[Source data — start]

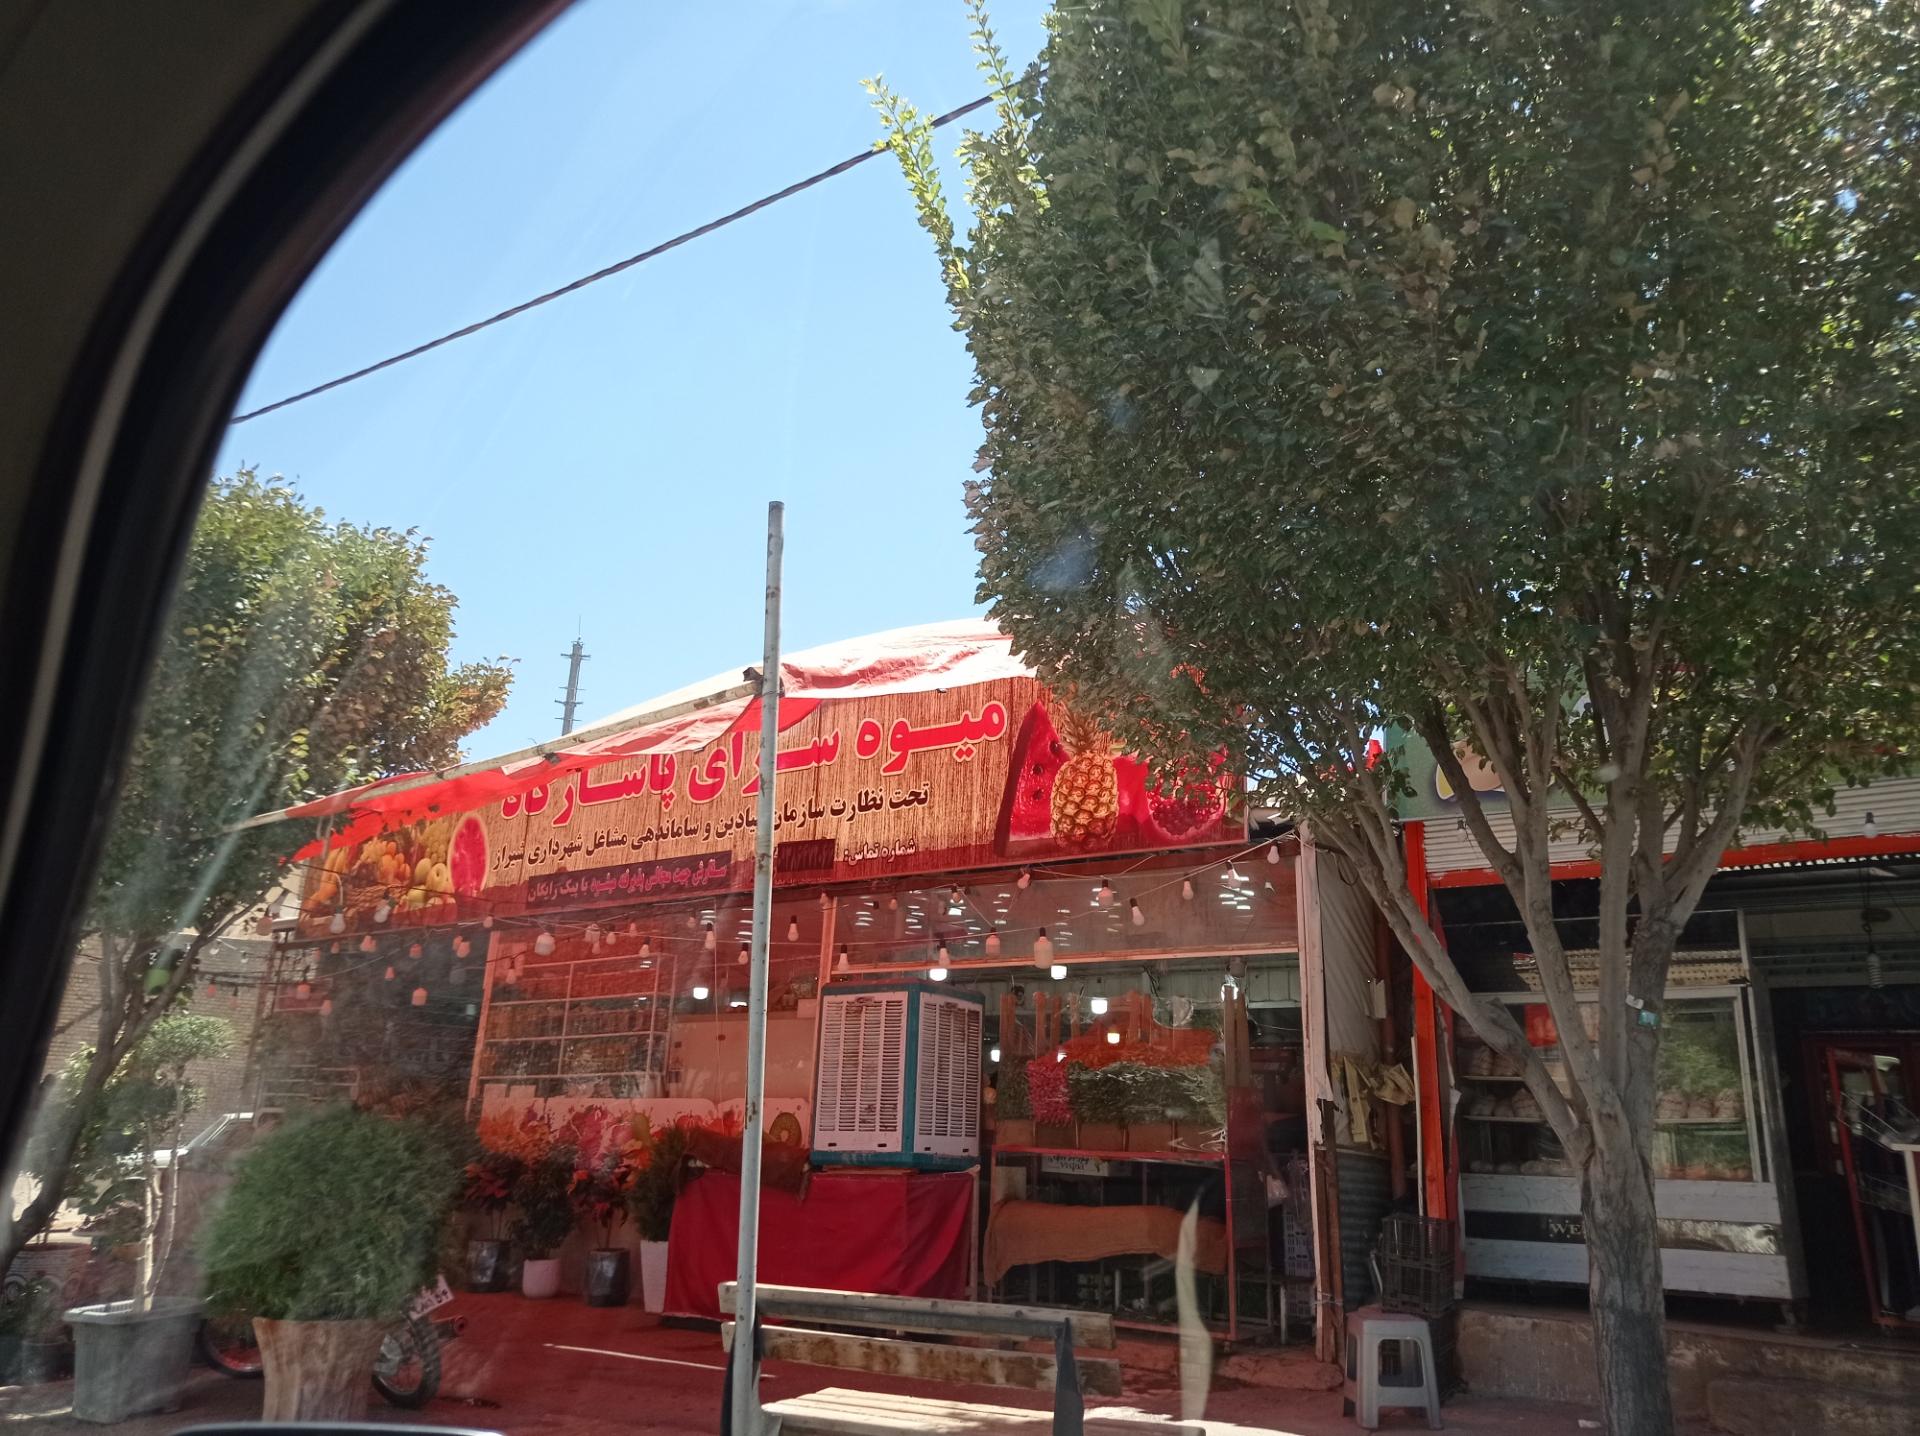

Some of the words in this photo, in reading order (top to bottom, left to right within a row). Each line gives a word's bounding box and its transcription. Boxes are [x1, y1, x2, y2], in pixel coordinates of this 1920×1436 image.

[856, 700, 1007, 777] میوه
[830, 787, 884, 822] نظارت
[889, 781, 929, 810] تحت
[630, 816, 699, 851] ساماندهی
[702, 821, 713, 843] و
[715, 806, 758, 839] یادین
[492, 842, 525, 871] شیراز
[527, 833, 583, 866] شهرداری
[585, 827, 628, 858] مشاغل
[881, 838, 917, 863] شماره
[580, 876, 590, 895] با
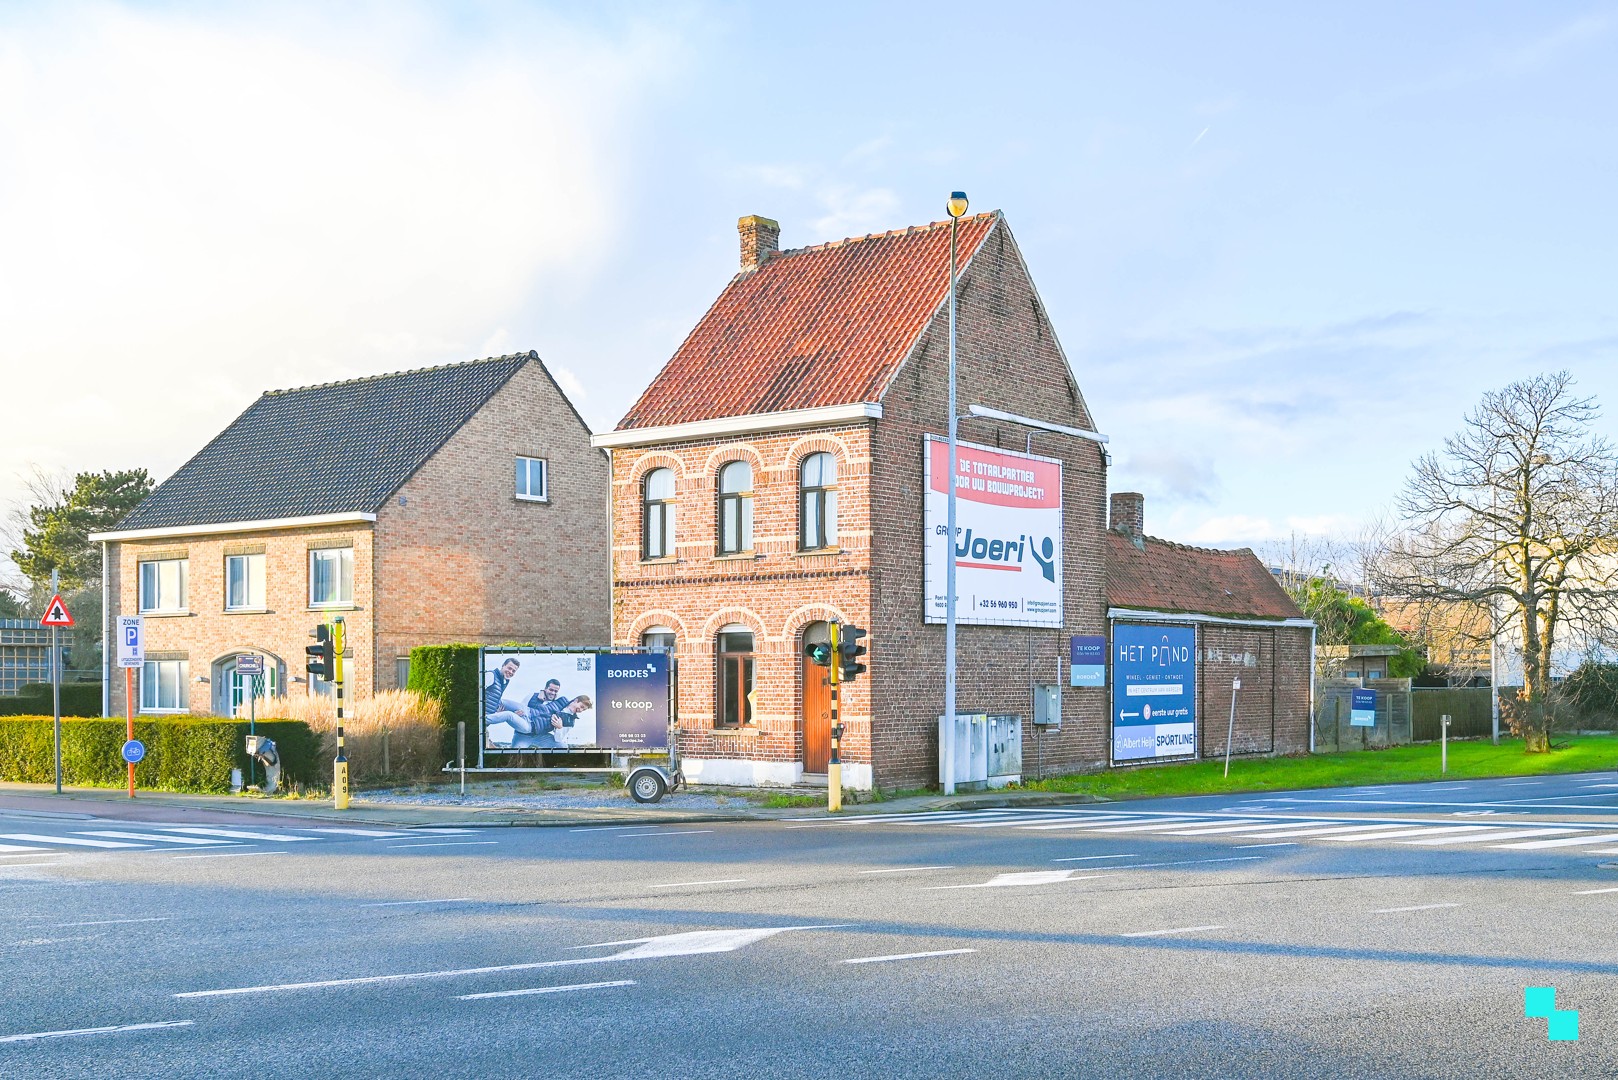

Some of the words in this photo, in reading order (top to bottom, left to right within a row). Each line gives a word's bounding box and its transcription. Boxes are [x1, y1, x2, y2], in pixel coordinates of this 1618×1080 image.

[Source data — finish]

- **What is being asked**: The records must come back exactly, with their pictures removed.

- **Response for this exercise**:
Some of the words in this photo, in reading order (top to bottom, left to right within a row). Each line gives a word's bounding box and its transcription. Boxes are [x1, y1, x2, y2], in pixel coordinates of this 1920×1436 image.

[856, 700, 1007, 777] میوه
[830, 787, 884, 822] نظارت
[889, 781, 929, 810] تحت
[630, 816, 699, 851] ساماندهی
[702, 821, 713, 843] و
[715, 806, 758, 839] یادین
[492, 842, 525, 871] شیراز
[527, 833, 583, 866] شهرداری
[585, 827, 628, 858] مشاغل
[881, 838, 917, 863] شماره
[580, 876, 590, 895] با

Some of the words in this photo, in reading order (top to bottom, left to right within a row). Each line gives a word's bounding box and its transcription. Boxes are [x1, y1, x2, y2], in pixel coordinates of this 1618×1080 image.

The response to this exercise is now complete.